# [What needs to be done]
Each line from the one containing "this 1932×1932 image." to the end of the data must be copied exactly, the first and last included; no other lines and no pictures belong in the copy.

** Opening The data block **

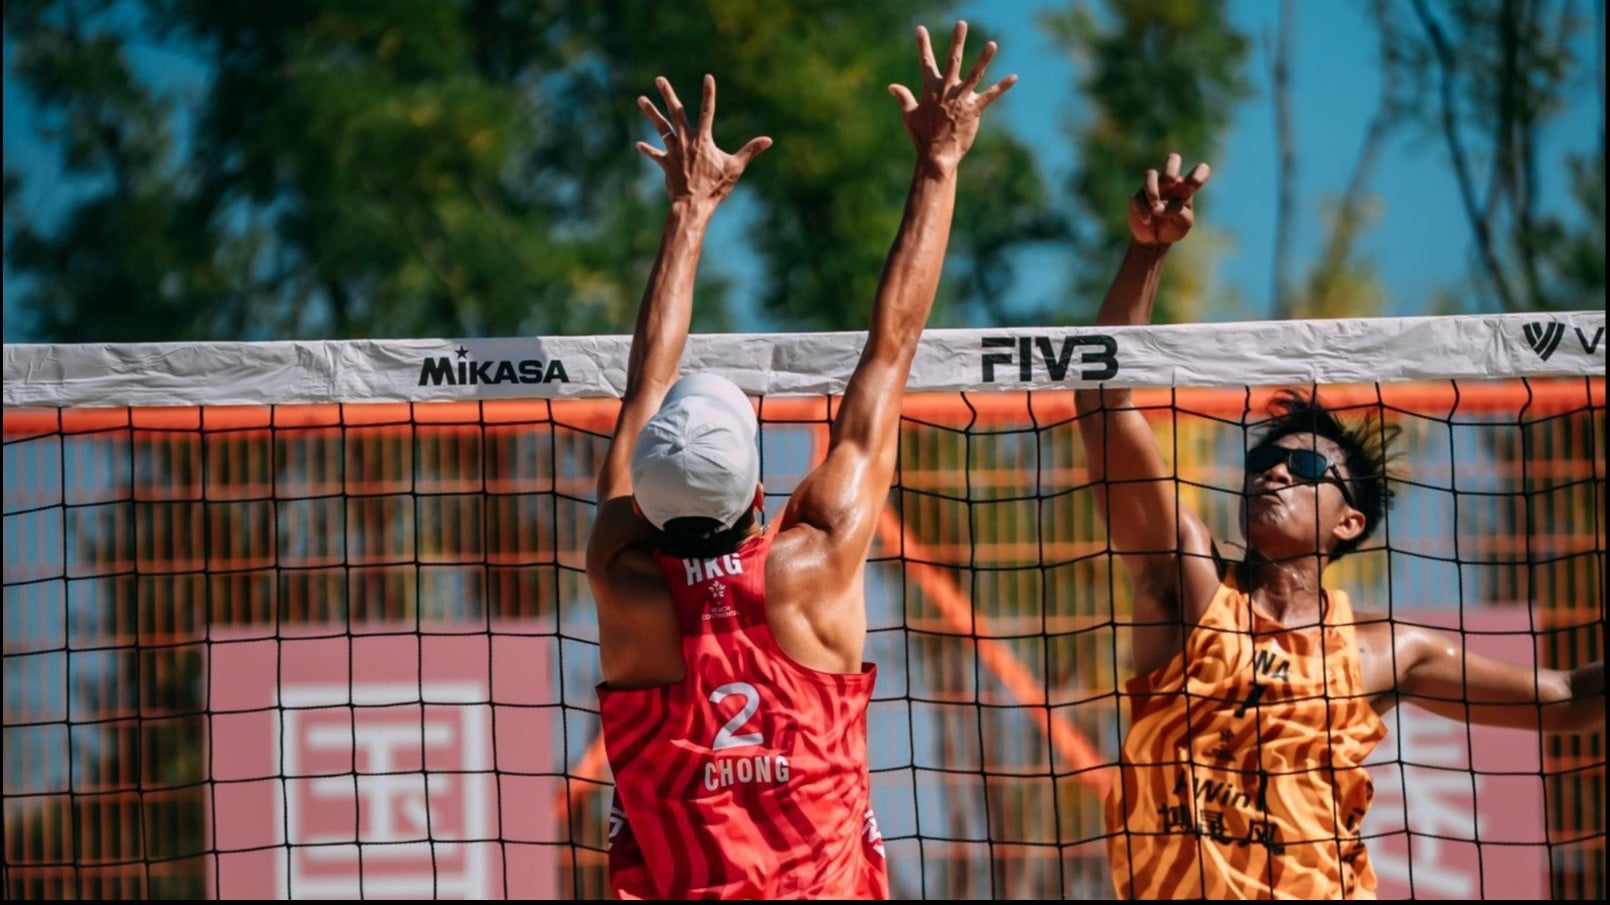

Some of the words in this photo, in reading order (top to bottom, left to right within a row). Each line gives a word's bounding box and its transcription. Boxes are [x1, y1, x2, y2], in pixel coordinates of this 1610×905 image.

[981, 334, 1119, 382] FIVB
[682, 552, 743, 586] HKG
[709, 682, 764, 751] 2
[704, 756, 790, 790] CHONG
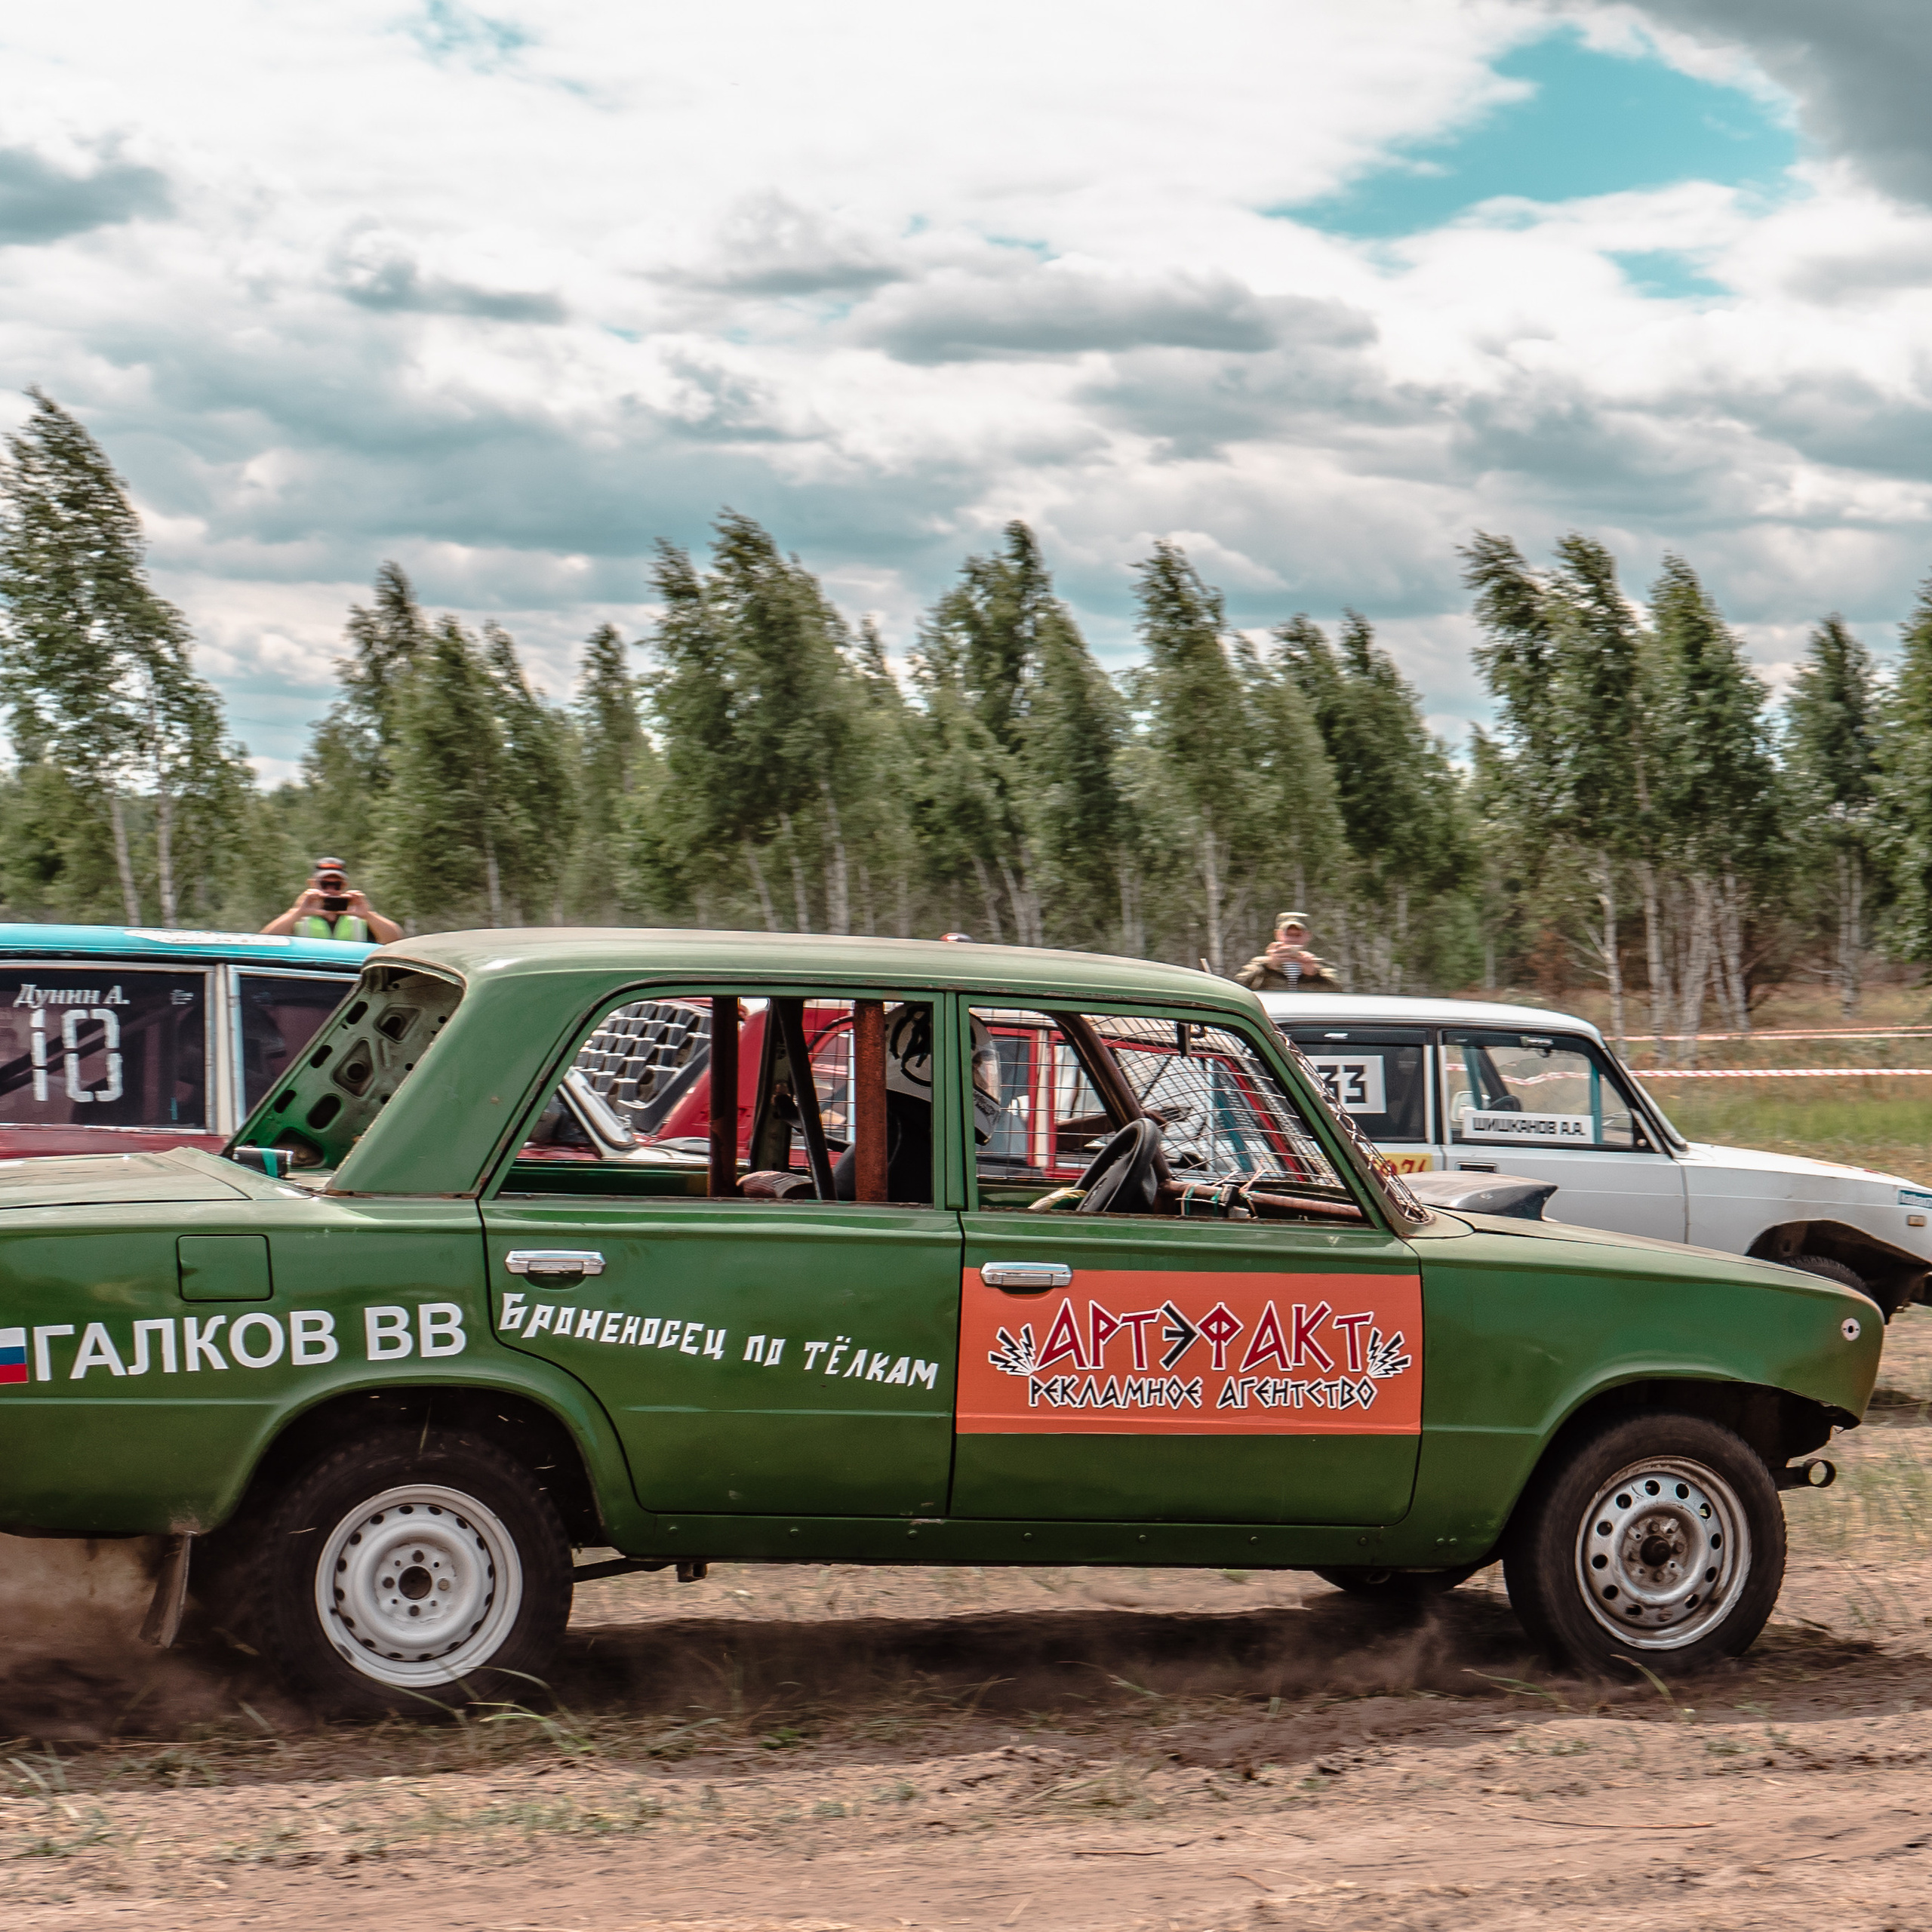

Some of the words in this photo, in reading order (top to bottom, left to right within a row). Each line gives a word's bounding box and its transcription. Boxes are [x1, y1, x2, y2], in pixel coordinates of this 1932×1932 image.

[13, 984, 100, 1008] Дунин
[103, 985, 131, 1004] А.
[30, 1008, 123, 1102] 10
[1316, 1065, 1367, 1103] 33
[33, 1310, 339, 1381] ГАЛКОВ
[365, 1303, 466, 1361] ВВ
[1035, 1297, 1374, 1373] АРТЭФАКТ
[1029, 1375, 1202, 1409] РЕКЛАМНОЕ
[1216, 1375, 1378, 1410] АГЕНТСТВО
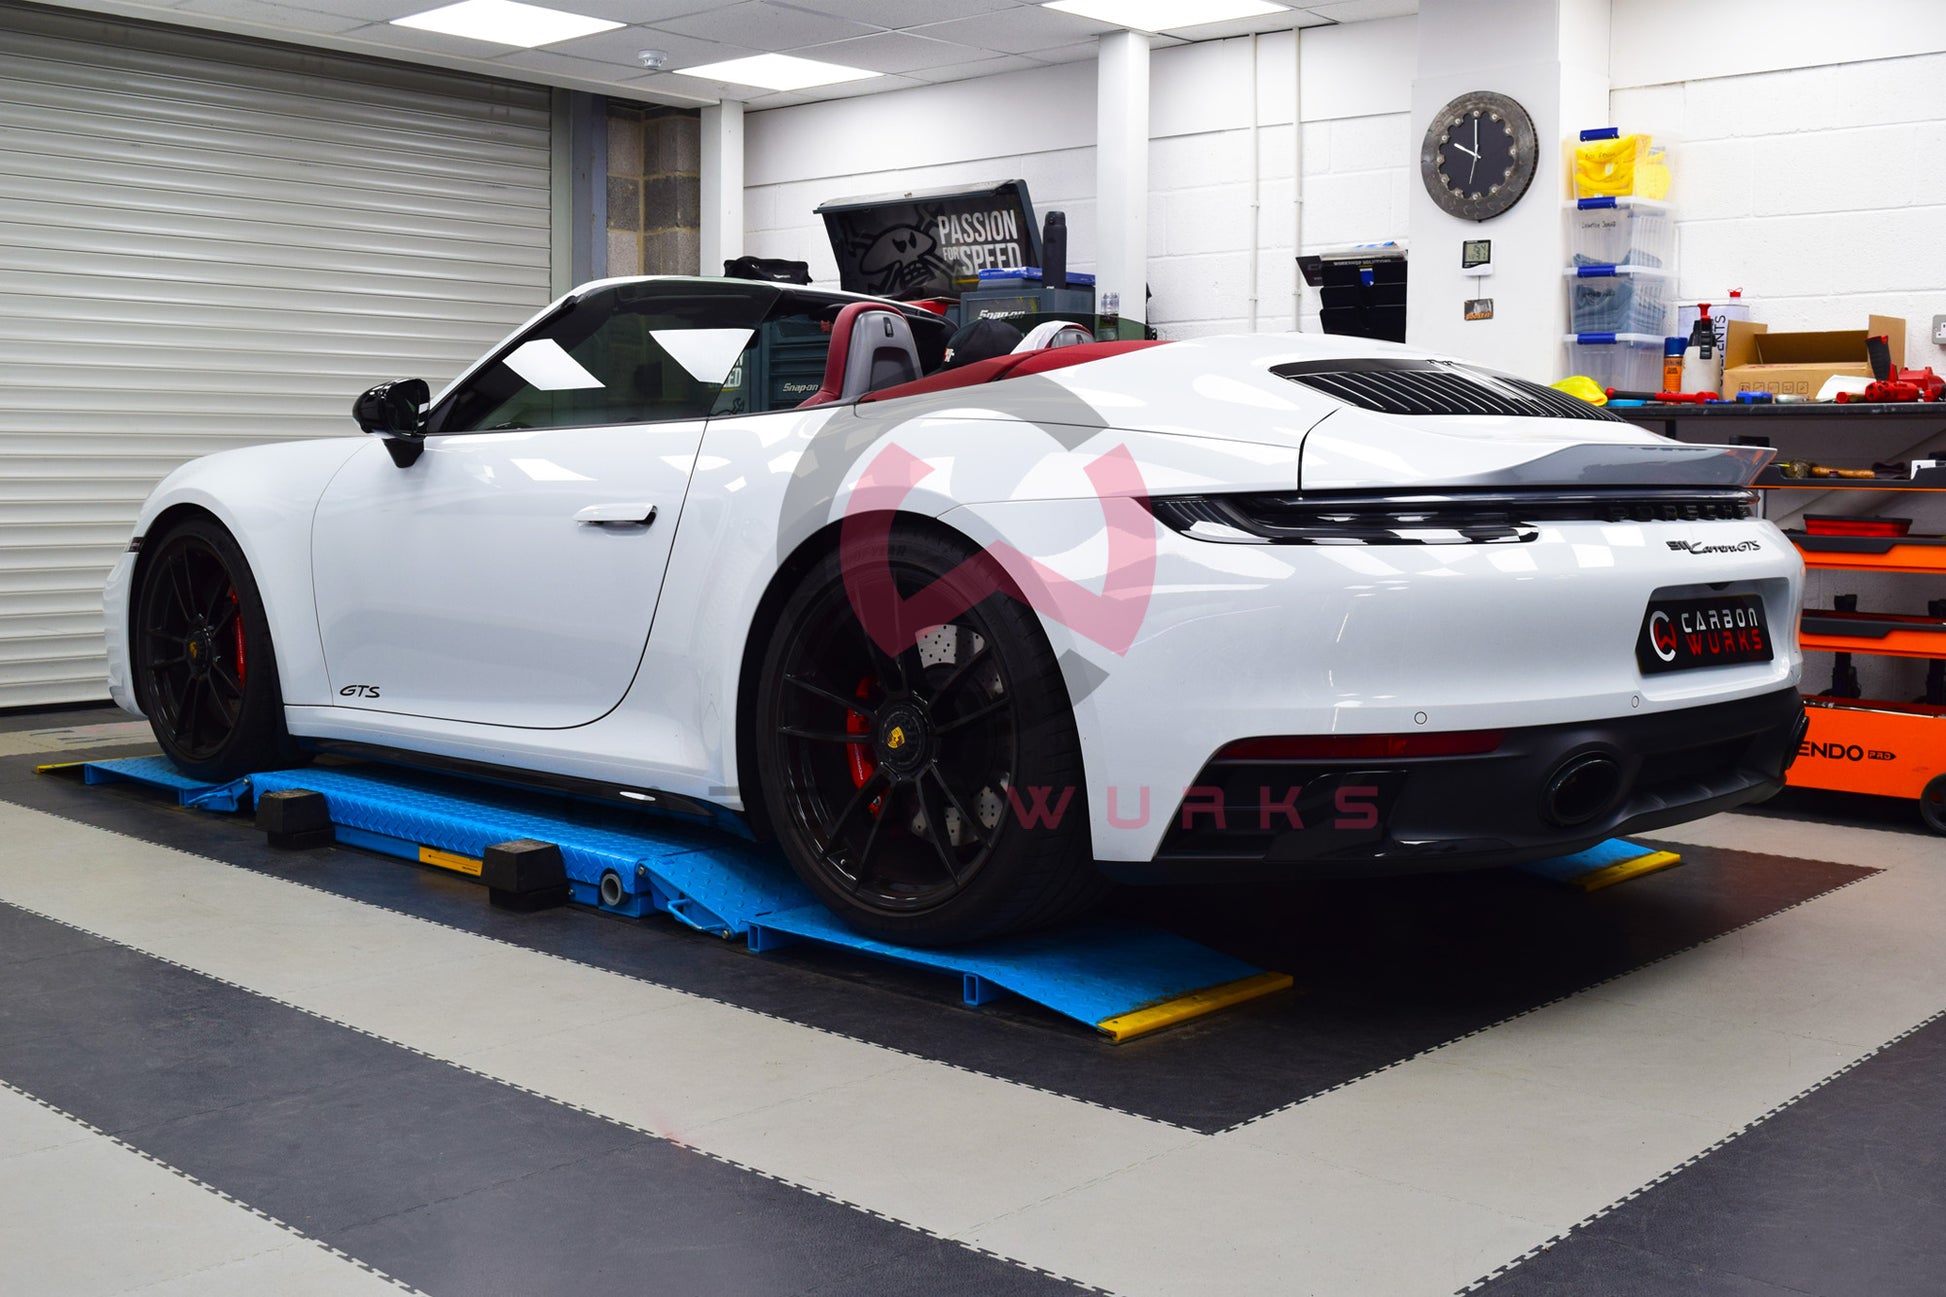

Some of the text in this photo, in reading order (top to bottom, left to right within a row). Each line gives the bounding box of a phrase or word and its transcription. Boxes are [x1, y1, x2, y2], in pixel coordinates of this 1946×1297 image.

[937, 209, 1018, 245] PASSION
[943, 246, 960, 261] FOR
[959, 242, 1022, 276] SPEED
[782, 382, 820, 394] Snap-on
[1736, 540, 1762, 552] GTS
[1681, 607, 1758, 633] CARBON
[1685, 628, 1763, 656] WURKS
[339, 684, 381, 699] GTS
[1868, 751, 1892, 760] PRO

** Closing The data block **

# [Written reply]
Some of the words in this photo, in reading order (top to bottom, left to right within a row). Each line gives a word's bounding box and its transcription. Boxes are [x1, y1, x2, y2], in pixel coordinates of this 1932×1932 image.

[13, 984, 100, 1008] Дунин
[103, 985, 131, 1004] А.
[30, 1008, 123, 1102] 10
[1316, 1065, 1367, 1103] 33
[33, 1310, 339, 1381] ГАЛКОВ
[365, 1303, 466, 1361] ВВ
[1035, 1297, 1374, 1373] АРТЭФАКТ
[1029, 1375, 1202, 1409] РЕКЛАМНОЕ
[1216, 1375, 1378, 1410] АГЕНТСТВО

Some of the text in this photo, in reading order (top to bottom, left to right within a row). Each line gives the bounding box of a phrase or word and its transcription. Boxes are [x1, y1, x2, y2], in pixel coordinates of this 1946×1297 image.

[937, 209, 1018, 245] PASSION
[943, 246, 960, 261] FOR
[959, 242, 1022, 276] SPEED
[782, 382, 820, 394] Snap-on
[1736, 540, 1762, 552] GTS
[1681, 607, 1758, 633] CARBON
[1685, 628, 1763, 656] WURKS
[339, 684, 381, 699] GTS
[1868, 751, 1892, 760] PRO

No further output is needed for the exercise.